● **Data to use**
--

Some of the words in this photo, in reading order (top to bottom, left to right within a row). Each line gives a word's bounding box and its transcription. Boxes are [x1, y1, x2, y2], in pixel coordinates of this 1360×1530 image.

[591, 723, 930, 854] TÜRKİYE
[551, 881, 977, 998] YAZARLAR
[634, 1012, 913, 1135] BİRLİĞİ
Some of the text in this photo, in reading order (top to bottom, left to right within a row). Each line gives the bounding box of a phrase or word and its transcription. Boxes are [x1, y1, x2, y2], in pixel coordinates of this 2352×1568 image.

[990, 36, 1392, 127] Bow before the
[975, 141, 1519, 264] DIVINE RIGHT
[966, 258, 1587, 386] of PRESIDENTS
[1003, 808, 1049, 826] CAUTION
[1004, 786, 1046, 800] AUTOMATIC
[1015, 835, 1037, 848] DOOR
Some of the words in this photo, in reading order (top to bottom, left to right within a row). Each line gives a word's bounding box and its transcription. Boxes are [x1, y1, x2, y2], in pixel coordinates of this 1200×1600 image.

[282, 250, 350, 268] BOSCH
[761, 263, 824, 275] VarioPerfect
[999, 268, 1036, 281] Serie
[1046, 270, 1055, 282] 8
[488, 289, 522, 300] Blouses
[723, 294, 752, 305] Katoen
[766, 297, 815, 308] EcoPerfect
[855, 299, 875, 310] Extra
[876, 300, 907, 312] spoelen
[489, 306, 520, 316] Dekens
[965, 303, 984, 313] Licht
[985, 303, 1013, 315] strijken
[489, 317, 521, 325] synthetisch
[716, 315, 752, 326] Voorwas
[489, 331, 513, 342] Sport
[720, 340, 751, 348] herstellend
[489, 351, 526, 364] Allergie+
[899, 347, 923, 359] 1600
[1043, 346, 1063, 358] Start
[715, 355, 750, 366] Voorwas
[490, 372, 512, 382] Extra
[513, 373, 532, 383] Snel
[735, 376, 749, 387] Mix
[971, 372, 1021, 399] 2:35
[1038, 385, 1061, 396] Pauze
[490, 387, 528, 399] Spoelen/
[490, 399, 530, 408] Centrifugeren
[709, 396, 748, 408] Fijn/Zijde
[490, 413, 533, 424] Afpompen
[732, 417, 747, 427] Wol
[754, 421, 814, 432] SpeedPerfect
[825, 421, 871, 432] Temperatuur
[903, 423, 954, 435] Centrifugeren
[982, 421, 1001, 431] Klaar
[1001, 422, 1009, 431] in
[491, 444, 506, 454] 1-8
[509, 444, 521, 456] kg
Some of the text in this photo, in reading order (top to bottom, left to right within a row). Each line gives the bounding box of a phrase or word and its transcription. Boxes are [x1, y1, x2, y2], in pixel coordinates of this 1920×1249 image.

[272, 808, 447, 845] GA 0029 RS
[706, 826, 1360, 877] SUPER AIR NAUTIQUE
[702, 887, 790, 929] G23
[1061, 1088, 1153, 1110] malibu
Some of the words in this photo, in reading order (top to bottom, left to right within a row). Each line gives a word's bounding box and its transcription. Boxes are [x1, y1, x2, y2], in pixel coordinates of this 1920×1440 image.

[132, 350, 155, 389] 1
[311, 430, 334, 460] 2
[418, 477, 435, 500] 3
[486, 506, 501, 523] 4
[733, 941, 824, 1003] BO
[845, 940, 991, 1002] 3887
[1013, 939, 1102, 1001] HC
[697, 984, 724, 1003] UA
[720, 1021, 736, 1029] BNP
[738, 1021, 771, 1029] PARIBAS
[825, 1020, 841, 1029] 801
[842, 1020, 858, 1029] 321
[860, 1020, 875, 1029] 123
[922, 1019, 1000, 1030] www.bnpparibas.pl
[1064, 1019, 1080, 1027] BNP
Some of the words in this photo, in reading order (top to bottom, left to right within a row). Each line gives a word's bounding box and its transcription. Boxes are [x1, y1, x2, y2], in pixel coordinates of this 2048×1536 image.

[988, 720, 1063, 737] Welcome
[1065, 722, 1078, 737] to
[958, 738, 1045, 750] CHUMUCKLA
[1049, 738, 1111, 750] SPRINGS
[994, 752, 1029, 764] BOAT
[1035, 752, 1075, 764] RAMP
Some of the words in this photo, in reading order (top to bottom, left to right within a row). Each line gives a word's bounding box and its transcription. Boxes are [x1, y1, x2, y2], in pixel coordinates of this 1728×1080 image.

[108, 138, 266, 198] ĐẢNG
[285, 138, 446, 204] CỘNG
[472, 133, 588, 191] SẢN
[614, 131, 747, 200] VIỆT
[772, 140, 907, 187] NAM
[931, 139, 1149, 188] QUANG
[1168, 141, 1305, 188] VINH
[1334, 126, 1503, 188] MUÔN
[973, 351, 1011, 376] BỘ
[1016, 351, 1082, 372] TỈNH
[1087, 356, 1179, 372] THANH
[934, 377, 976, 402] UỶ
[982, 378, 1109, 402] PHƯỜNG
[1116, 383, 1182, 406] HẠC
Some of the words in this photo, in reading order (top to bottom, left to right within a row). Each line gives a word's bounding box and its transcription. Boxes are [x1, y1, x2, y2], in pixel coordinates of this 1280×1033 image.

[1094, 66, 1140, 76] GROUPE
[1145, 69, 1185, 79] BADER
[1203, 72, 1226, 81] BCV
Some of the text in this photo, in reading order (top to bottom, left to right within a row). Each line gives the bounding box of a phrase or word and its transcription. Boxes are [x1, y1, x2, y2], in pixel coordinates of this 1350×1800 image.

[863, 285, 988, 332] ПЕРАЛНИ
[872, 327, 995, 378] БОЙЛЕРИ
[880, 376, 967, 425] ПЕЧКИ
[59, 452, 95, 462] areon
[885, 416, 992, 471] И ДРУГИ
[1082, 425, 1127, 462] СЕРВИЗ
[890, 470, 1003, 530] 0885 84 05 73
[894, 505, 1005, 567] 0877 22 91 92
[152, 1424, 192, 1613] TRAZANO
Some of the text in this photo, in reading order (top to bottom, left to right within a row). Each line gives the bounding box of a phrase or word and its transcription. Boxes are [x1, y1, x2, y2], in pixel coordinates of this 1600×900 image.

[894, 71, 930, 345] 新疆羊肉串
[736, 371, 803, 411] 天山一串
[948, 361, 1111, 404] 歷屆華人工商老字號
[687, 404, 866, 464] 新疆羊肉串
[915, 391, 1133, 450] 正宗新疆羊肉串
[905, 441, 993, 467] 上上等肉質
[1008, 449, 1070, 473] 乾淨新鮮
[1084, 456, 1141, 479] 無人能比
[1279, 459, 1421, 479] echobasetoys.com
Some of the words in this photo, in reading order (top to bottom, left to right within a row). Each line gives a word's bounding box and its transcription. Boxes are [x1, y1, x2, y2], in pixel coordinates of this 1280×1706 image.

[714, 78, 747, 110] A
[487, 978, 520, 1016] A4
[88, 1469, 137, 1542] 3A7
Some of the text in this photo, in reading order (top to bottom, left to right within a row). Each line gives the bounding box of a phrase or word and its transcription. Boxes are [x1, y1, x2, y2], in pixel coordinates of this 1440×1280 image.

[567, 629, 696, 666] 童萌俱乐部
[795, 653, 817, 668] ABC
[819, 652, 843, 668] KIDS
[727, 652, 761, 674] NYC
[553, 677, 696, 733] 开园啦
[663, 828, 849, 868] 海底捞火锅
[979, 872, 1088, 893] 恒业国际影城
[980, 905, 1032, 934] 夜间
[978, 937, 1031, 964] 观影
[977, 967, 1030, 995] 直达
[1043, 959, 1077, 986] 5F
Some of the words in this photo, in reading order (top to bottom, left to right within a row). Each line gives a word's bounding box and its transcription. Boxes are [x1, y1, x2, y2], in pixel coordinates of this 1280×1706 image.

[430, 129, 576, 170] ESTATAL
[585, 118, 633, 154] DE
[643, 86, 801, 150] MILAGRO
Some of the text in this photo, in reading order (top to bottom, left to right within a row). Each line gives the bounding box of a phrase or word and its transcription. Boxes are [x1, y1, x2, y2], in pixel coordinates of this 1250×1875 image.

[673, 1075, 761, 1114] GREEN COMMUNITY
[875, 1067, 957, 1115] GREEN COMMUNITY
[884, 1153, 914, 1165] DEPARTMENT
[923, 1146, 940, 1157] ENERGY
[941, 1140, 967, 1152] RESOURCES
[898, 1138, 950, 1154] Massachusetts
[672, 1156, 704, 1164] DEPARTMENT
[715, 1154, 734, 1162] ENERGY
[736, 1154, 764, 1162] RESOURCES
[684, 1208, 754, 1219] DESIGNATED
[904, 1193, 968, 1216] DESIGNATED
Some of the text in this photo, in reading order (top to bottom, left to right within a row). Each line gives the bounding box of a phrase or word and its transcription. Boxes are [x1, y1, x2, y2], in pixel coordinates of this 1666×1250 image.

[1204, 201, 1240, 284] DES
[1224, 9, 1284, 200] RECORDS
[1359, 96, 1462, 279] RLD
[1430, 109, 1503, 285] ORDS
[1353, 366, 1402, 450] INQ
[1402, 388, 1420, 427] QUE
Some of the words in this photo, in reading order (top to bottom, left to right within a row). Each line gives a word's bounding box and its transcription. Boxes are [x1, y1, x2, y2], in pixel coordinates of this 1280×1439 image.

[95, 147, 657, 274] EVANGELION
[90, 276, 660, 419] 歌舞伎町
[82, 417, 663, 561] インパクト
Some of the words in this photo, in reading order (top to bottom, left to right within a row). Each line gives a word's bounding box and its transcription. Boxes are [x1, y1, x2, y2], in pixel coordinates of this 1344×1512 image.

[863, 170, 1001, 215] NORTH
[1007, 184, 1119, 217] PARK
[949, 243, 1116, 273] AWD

--

Lines from the one holding "this 1280×1439 image." to the last line of the records: return these exactly, and only these.

Some of the words in this photo, in reading order (top to bottom, left to right within a row). Each line gives a word's bounding box and its transcription. Boxes are [x1, y1, x2, y2], in pixel coordinates of this 1280×1439 image.

[95, 147, 657, 274] EVANGELION
[90, 276, 660, 419] 歌舞伎町
[82, 417, 663, 561] インパクト
Some of the words in this photo, in reading order (top to bottom, left to right within a row). Each line gives a word's bounding box and its transcription. Boxes are [x1, y1, x2, y2], in pixel coordinates of this 1344×1512 image.

[863, 170, 1001, 215] NORTH
[1007, 184, 1119, 217] PARK
[949, 243, 1116, 273] AWD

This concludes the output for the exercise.